GOZAÇÕES
Claire Brissom
“O que é o assédio escolar na adolescência?” Tal é o título escolhido para uma conversação pública com os professores do Ensino Fundamental e do Ensino Médio, iniciada em 2018 por um laboratório do CIEN, o Centro Interdisciplinar sobre a Criança. Nós visamos a noção de “assédio escolar”[1], que se tornou há alguns anos o principal instrumento para interpretar a violência da interação entre jovens. Surgido em torno dos anos 2010, este significante ganhou uma adesão incrível até a consagração, em 13 de fevereiro de 2019, de um “direito à escolaridade sem assédio escolar”, votado pela Assembleia Nacional. Este significante é revelador de um contexto político, dedicado a criar vastas categorias para nomear e objetivar o mal-estar social, sem perceber os efeitos auto-realizadores dos dispositivos de prevenção.
A conversação interdisciplinar em torno de situações práticas, discutidas caso a caso, revelou a inconsistência do binário assediador/assediado. Uma situação apresentada por um professor tutor do oitavo ano do Ensino Fundamental nos ensinou muito.
Recém-chegado em uma escola rural, o professor é interpelado por dois irmãos gêmeos que se queixam de serem tratados de “cocô de vaca” e de “bunda suja” por três rapazes da turma. Divertem-se de forma maldosa, verbalmente ou por SMS, com a ligação dos irmãos aos trabalhos da fazenda da família. Num primeiro momento, o professor tenta minimizar a situação, mas inventaram um rap do agricultor cujo refrão é conhecido na turma. As falas dos gêmeos nas aulas desencadeiam imitações sonoras e zombarias dos alunos; no recreio, são recebidos com mugidos. Isso persiste, apesar das reprovações e se intensifica quando os irmãos manifestam desespero.
A diretora convoca os autores das gozações.
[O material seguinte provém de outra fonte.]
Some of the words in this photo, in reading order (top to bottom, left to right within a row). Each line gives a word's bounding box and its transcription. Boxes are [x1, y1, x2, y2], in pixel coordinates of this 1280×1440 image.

Virada teatral: quando o mais atrevido dos três é recebido sozinho, desaba e confessa ser ele próprio um alvo, pela sua obesidade e porque ele é, também, filho de agricultor – mas não de criador de gado, ele se apressa para especificar, que é filho de horticultor. Seu pai não trabalha “no rabo das vacas”, eles têm uma televisão, um vídeo game e ele não tem que trabalhar na terra do pai.
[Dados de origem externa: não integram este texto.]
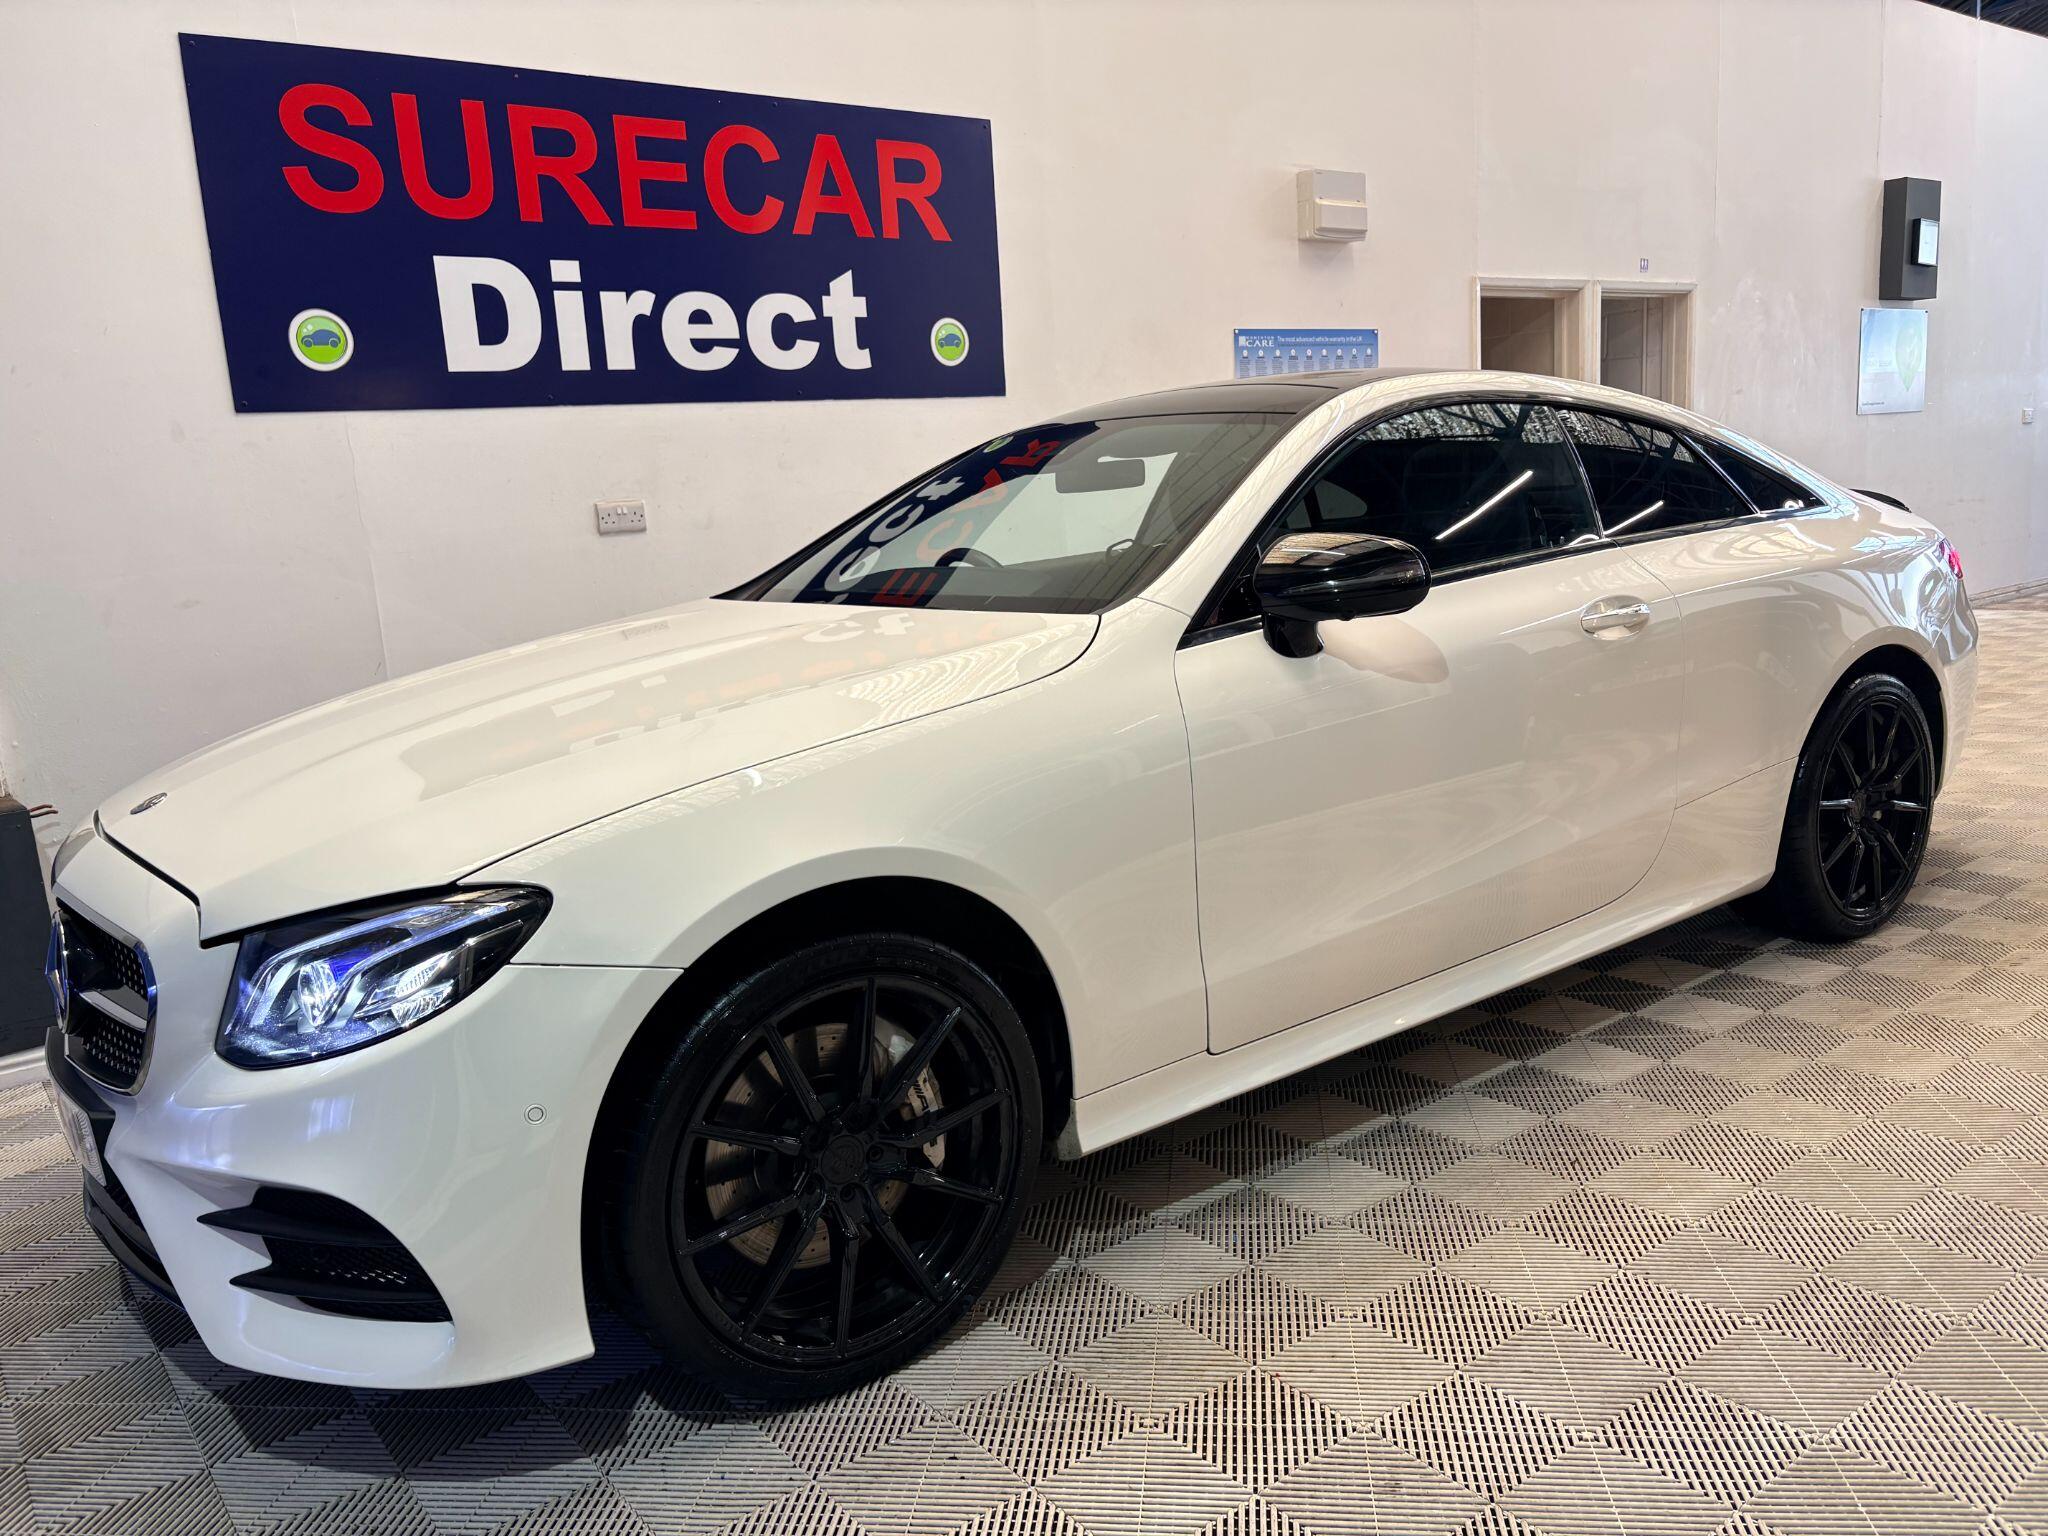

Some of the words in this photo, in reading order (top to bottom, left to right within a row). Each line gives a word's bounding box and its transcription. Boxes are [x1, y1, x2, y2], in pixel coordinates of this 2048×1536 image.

O professor se lembra de ter “caído da cadeira”, face à resposta desse rapaz. “O que fazemos agora?” – ele se interroga. Como tratar esse assediador assediado. Como abordar esta pequena diferença que ele formula para ser diferenciado dos mais “cocôs de vacas” do que ele? Aliás, o pai do rapaz se aborrece ao saber dos fatos. “Nada disso entre nós, somos gente da terra! Os inimigos não são eles!” – Isto se passa logo após os atentados terroristas de 2015, na França. O ideal paternal de um “nós” solidário do “gente da terra” comparava, manifestadamente e muito de perto, o filho ao estrume. No discurso do rapaz era preciso ressaltar a televisão e o vídeo game para aí se opor e instaurar, entre o criador de gado e o horticultor, uma outra segregação.
A decisão tomada pela instituição foi de não punir. Isso foi antes da lei sobre o assédio. Nós juntamos de um lado este rapaz, o mais implicado nas gozações, com o mais atingido dos dois gêmeos e, de outro, o segundo gêmeo, com os dois outros jovens. A dupla e o trio tiveram que produzir uma apresentação sobre o assédio, a partir de textos da lei vigente. Cada um se encarregou da proposta com seriedade. Os trabalhos, de qualidade, foram aclamados pela direção e o ano terminou sem nenhuma outra situação de assédio, sem outro incidente.
O efeito “cair da cadeira” seria hoje anulado pelo imperativo do protocolo e das punições. Um estágio de sensibilização ao assédio seria prescrito aos três “autores”, com a responsabilização dos pais pelas despesas e as “vítimas” seriam definitivamente identificadas como tais. Aqui, a situação foi tratada pela via de uma interpretação: não pela identificação de uns e de outros com papéis definidos a priori, não pela punição e a vitimização, mas, ao contrário, por um dispositivo que diferenciou “os gêmeos” um do outro, como também os “agressores”, uns dos outros.
Esta maneira de responder talvez tenha constituído, para cada um, uma solução pela contra-violência simbólica, sem reproduzir a lógica da exclusão que nós procurávamos prevenir.